Problem description
Below are records to be repeated exactly. Leave their pictures behind.
----- Exercise data
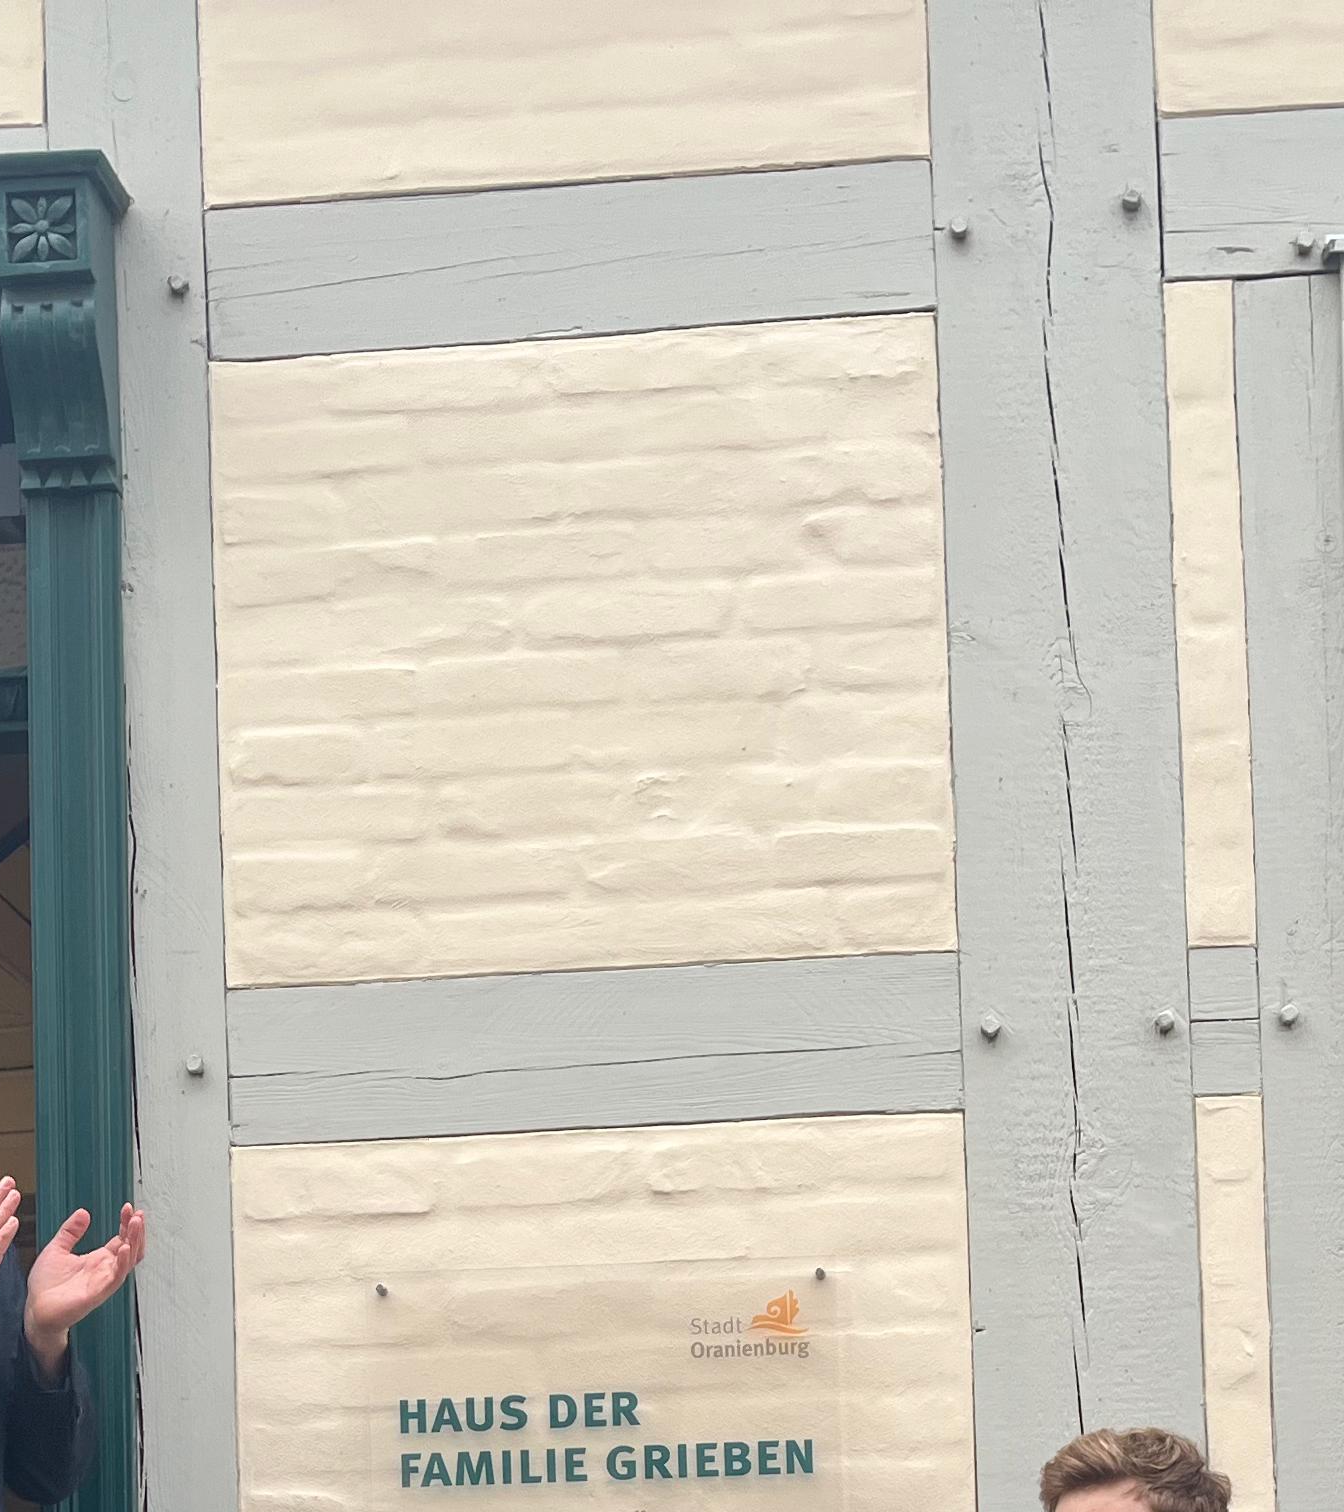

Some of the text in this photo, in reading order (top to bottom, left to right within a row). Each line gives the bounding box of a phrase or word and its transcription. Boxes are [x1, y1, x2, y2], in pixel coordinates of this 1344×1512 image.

[690, 1316, 743, 1335] Stadt
[690, 1338, 810, 1359] Oranienburg
[399, 1391, 640, 1434] HAUS DER
[400, 1439, 814, 1488] FAMILIE GRIEBEN
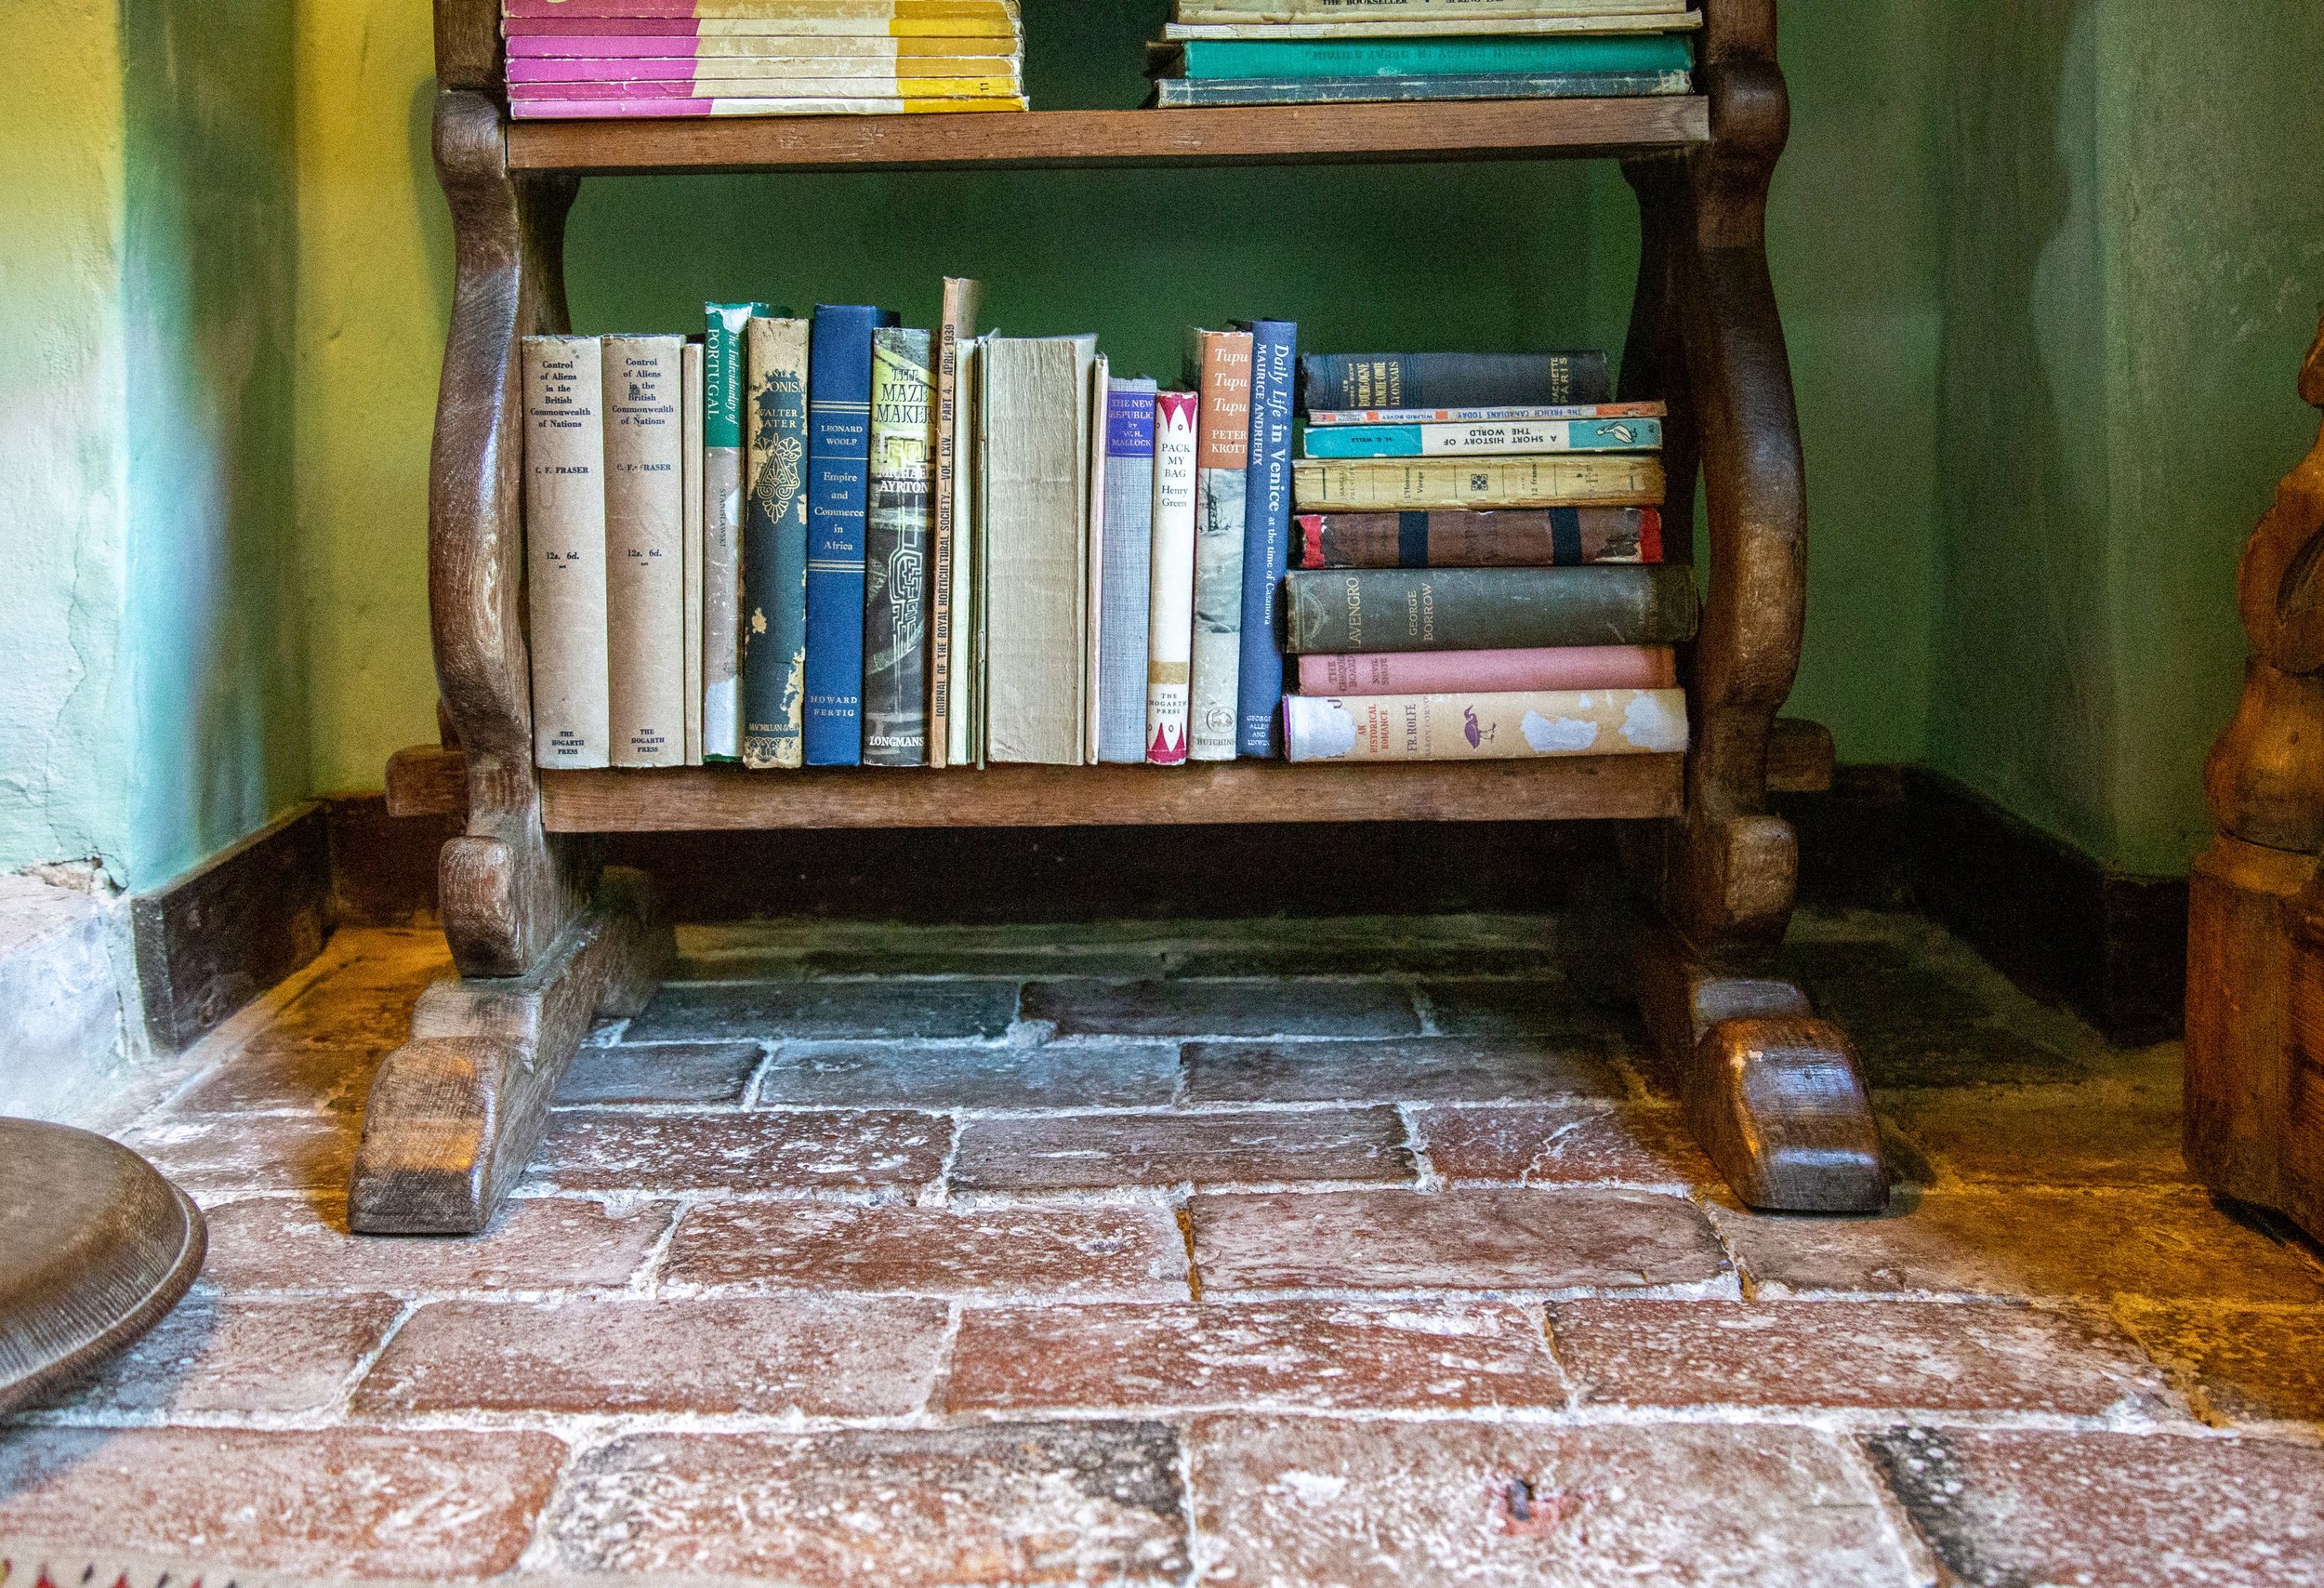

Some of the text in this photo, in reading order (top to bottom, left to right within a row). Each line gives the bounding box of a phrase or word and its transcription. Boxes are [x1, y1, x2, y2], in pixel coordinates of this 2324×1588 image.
----------
Task solution
Some of the text in this photo, in reading order (top to bottom, left to right within a row). Each line gives the bounding box of a phrase or word and its transcription. Boxes are [x1, y1, x2, y2], in pixel coordinates of this 1344×1512 image.

[690, 1316, 743, 1335] Stadt
[690, 1338, 810, 1359] Oranienburg
[399, 1391, 640, 1434] HAUS DER
[400, 1439, 814, 1488] FAMILIE GRIEBEN

Some of the text in this photo, in reading order (top to bottom, left to right within a row). Each line gives the bounding box of a phrase or word and its transcription. Boxes are [x1, y1, x2, y2], in pixel coordinates of this 2324×1588 image.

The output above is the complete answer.